Synergistically remodulating H+/Ca2+ gradients to induce mitochondrial depolarization for enhanced synergistic cancer therapy†
Abstract
The remodulation of H+/Ca2+ gradients in the mitochondria matrix could be effective to induce mitochondria depolarization for the enhancement of cancer therapy. However, it is still challenged by H+ homeostasis, insufficient Ca2+, uncoordinated regulations, and inefficient loading/delivery strategies. Herein, a supramolecular DNA nanocomplex (Ca@DNA–MF) was prepared to synergistically remodulate H+/Ca2+ gradients for mitochondrial depolarization.

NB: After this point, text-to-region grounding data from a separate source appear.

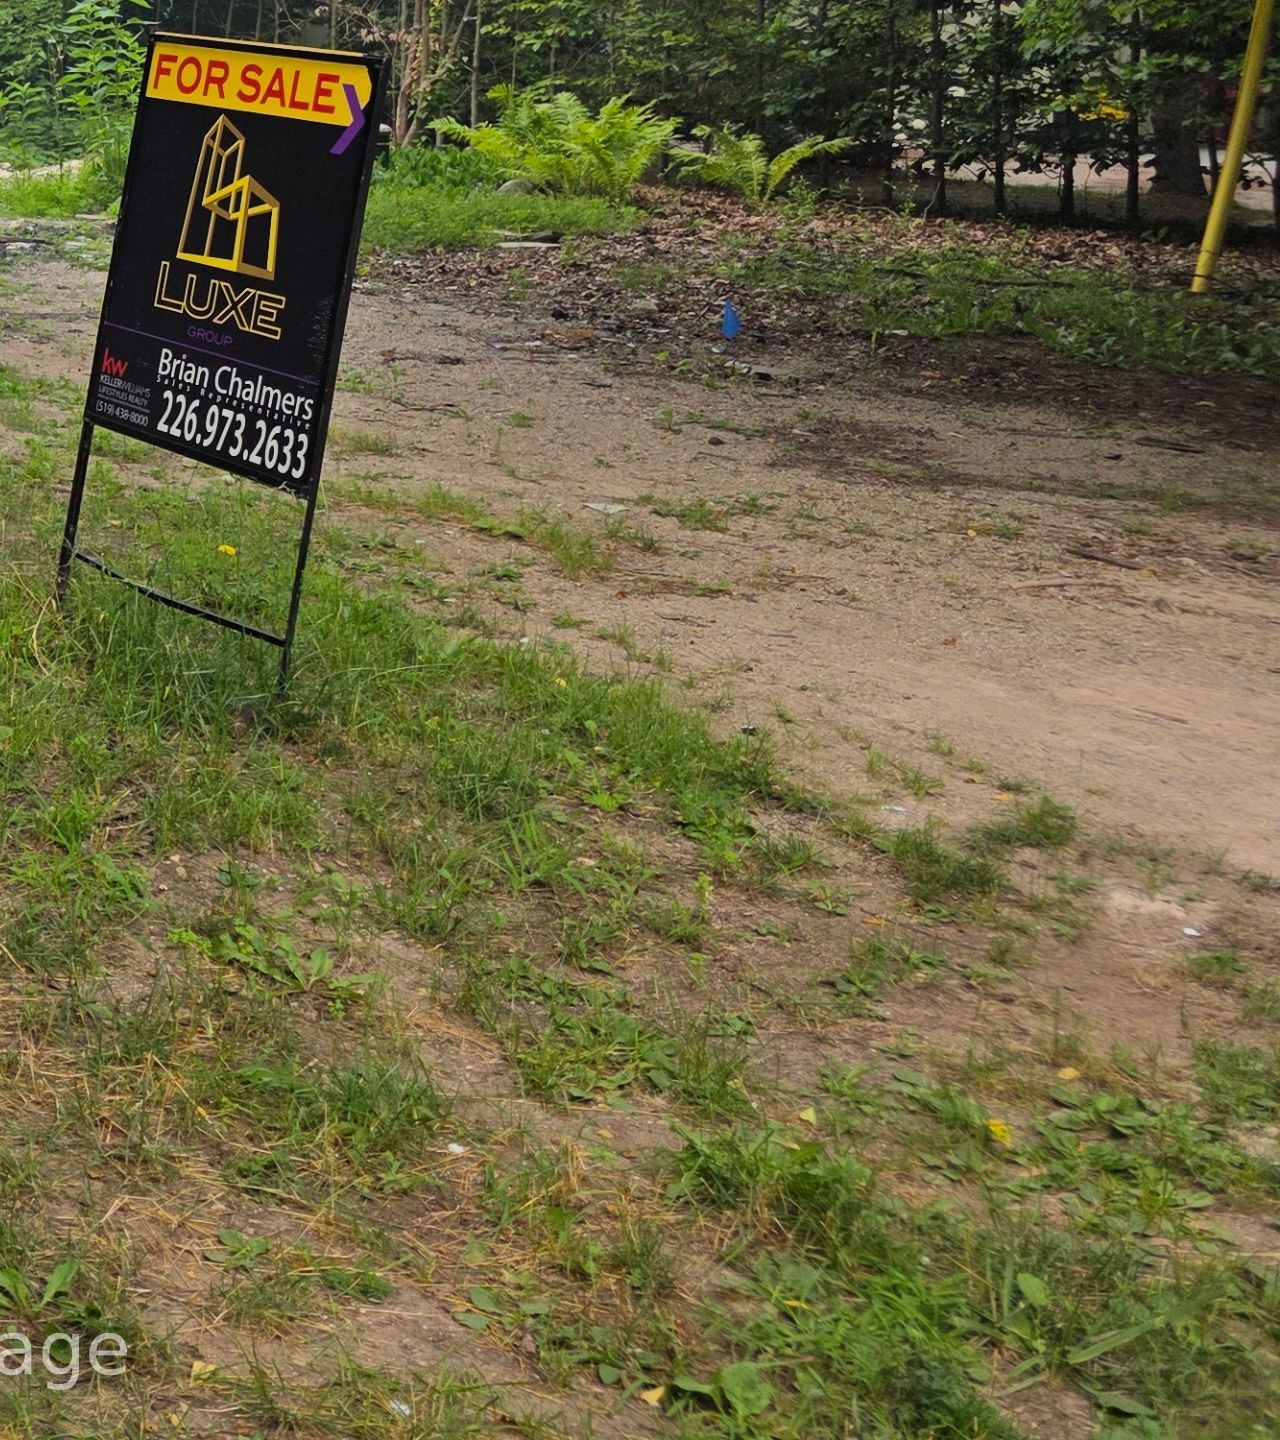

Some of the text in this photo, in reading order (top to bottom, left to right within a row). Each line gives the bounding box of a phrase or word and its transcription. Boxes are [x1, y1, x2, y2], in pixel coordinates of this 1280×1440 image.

[153, 54, 340, 114] FOR SALE
[153, 260, 286, 340] LUXE
[101, 347, 129, 377] kw
[187, 325, 233, 348] GROUP
[156, 375, 311, 430] Sales Representative
[157, 348, 314, 421] Brian Chalmers
[96, 400, 115, 416] (519)
[114, 406, 149, 427] 438-8000
[156, 390, 309, 479] 226.973.2633

Upon targeted functionalization and TME-triggered delivery, multiple reagents were released in cancer cells for synergistic three-channel mitochondrial depolarization: the gene reagent of siMCT4 blocked the LA metabolism to induce mitochondrial acidification by downregulating monocarboxylate transporter 4 (MCT4); released Ca2+ disrupted Ca2+ homeostasis to facilitate Ca2+-based mitochondrial depolarization; specifically, TME-activated glutathione (GSH) depletion facilitated efficient generation of hydroxyl radicals (˙OH), further enhancing the mitochondrial depolarization. The remodulation not only triggered apoptosis but also led to ferroptosis to generate abundant ROS for efficient LPO-based apoptosis, providing a synergistic strategy for enhanced synergistic cancer therapy.